Muda Corporation: Improving Your Suggestions System

by Marius Gil
September 7, 2016 | Comments (12)

In my 10 years as a lean consultant, I've found that the most successful lean managers are often the ones who want to implement a suggestions system early in their lean journey. They know that lean culture encourages the participation of all employees and, in a certain way, they want to give voice to their collaborators right from the beginning.

Unfortunately, many organizations take this step without first making the necessary changes that affect their companies' decision-making processes. For this reason, they often end up raising tensions among employees that result in some of the situations shown in the following illustration.

 

In order to redress how the system is being implemented, it is necessary to modify certain attitudes as well as some organizational structures. It is a time-consuming cultural transformation that every company should address along the lean journey. One article that best reflects this need for change and the benefits of decentralization in decision-making is J.P. Womack’s Fewer Heroes, More Farmers, published 05/12/06, in which the author claimed the need to reduce heroic behaviors in favor of a more down-to-earth "farmers' approach."

I remember a particular case working at an organization where the decisions and actions were traditionally taken by the top managers at each of the factories.

After some time running a sort of suggestions system, the lean coordinators realized that absolutely all of the suggestions issued would end up, with no exception, on the table of the plant manager for approval. This meant an extension of the time needed for approving the suggestions. As a consequence, most of the employees took that slow response as a lack of response to their proposals. So, they decided to stop providing new suggestions. After a while, some KPIs indicated that the number of suggestions was sinking. Under the effect of this unexpected situation, top management reacted in an astonishing way: in order to reverse the negative trend, they proposed to pay an economic incentive for every suggestion issued. Naturally, this didn't improve anything.

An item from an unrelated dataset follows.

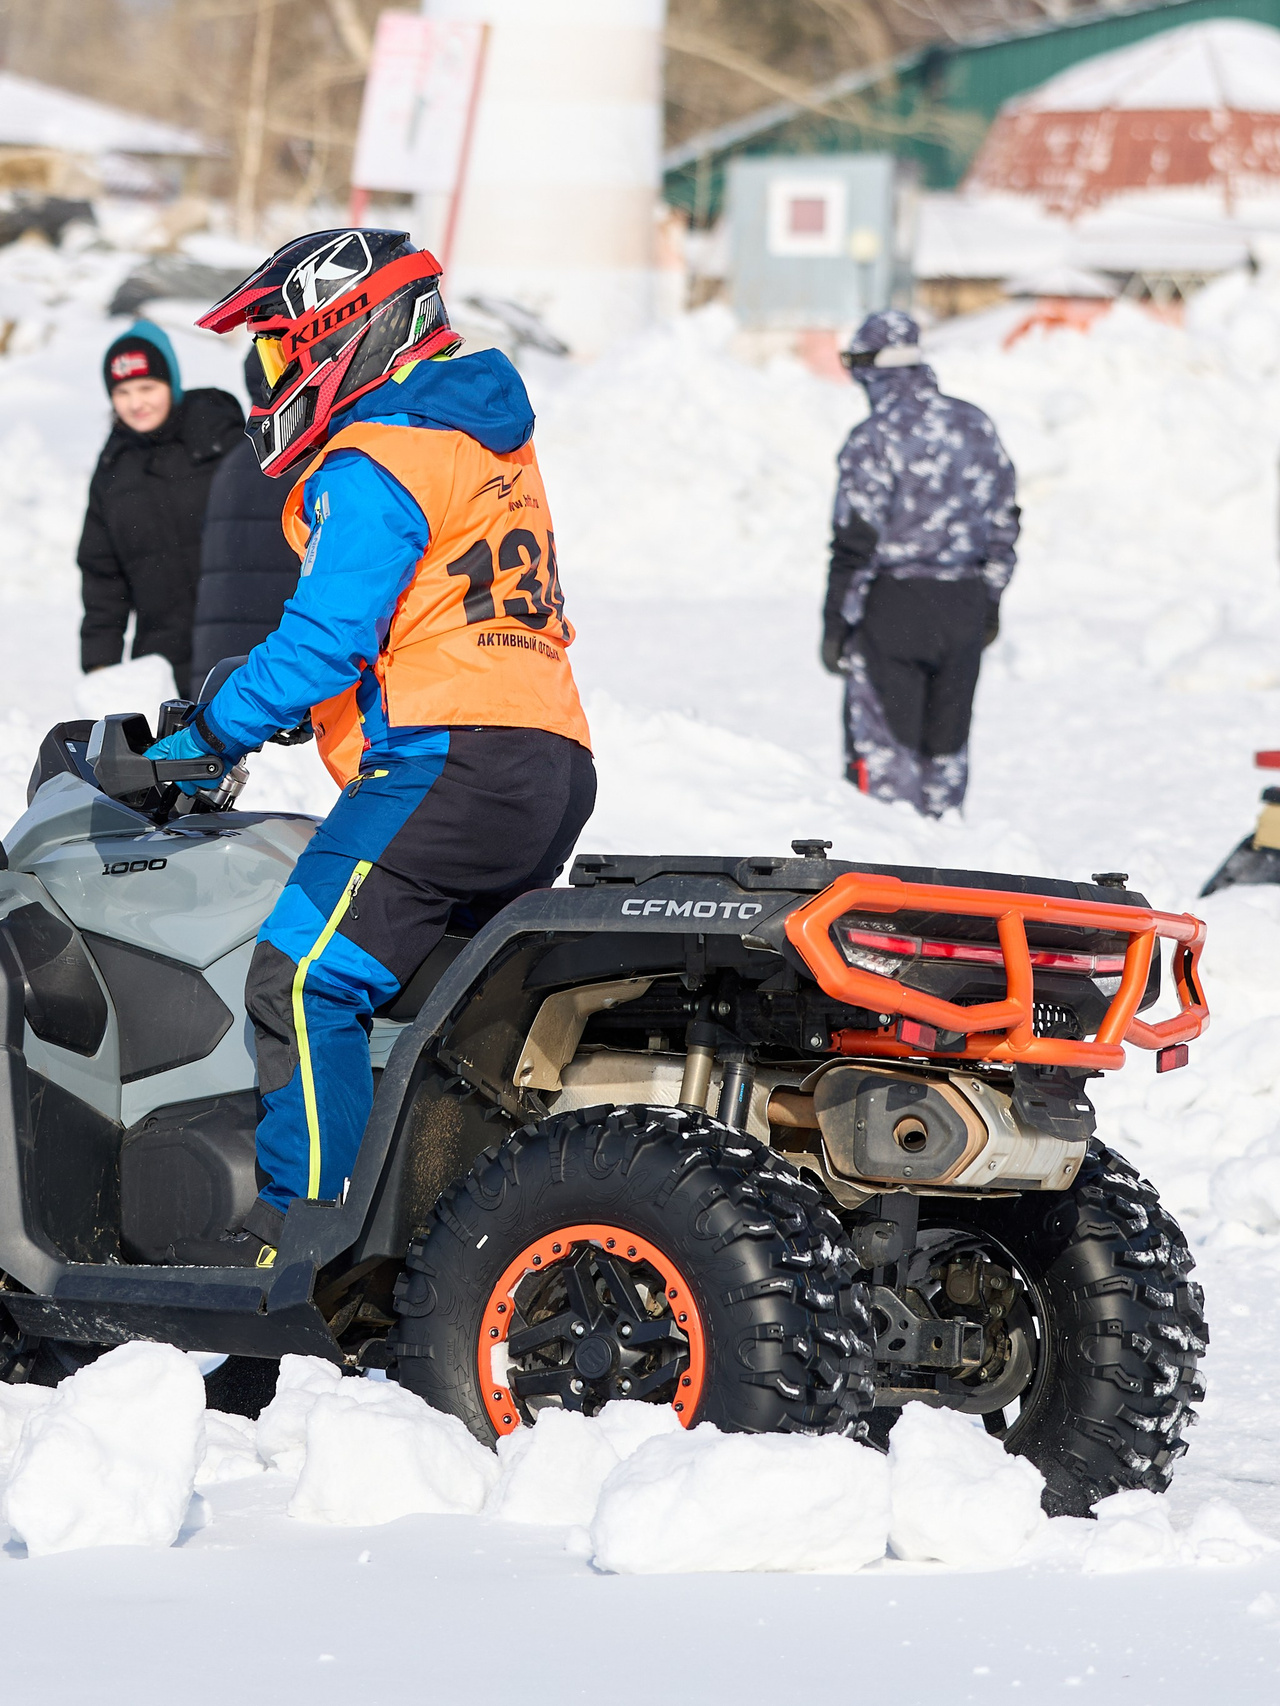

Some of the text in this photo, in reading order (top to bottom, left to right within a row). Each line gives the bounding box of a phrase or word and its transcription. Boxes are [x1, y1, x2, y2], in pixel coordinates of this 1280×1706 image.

As soon as management becomes aware that implementing a good suggestion system means more than placing a set of mailboxes at some corners of the plant, some organizations (not all) are able to redress their approach to it. They delegate the issuance, the approval and the implementation of the suggestions to the employees who submitted them, leaving them with the real autonomy.

This case is a good example of the need to redress the implementation of a suggestion system by delegating the issuance, approval and implementation to the staff of each of the processes, thus empowering the real actors of the program. I experienced many other situations like this during my lean career, in which a failure to change behaviors first derailed a well-intentioned suggestions system. I've now compiled the most memorable unchanged behaviors in this illustration for your reference. Keep an eye out for them and intervene as soon as you see them – it could keep your suggestions system from failing.

The views expressed in this post do not necessarily represent the views or policies of The Lean Enterprise Institute.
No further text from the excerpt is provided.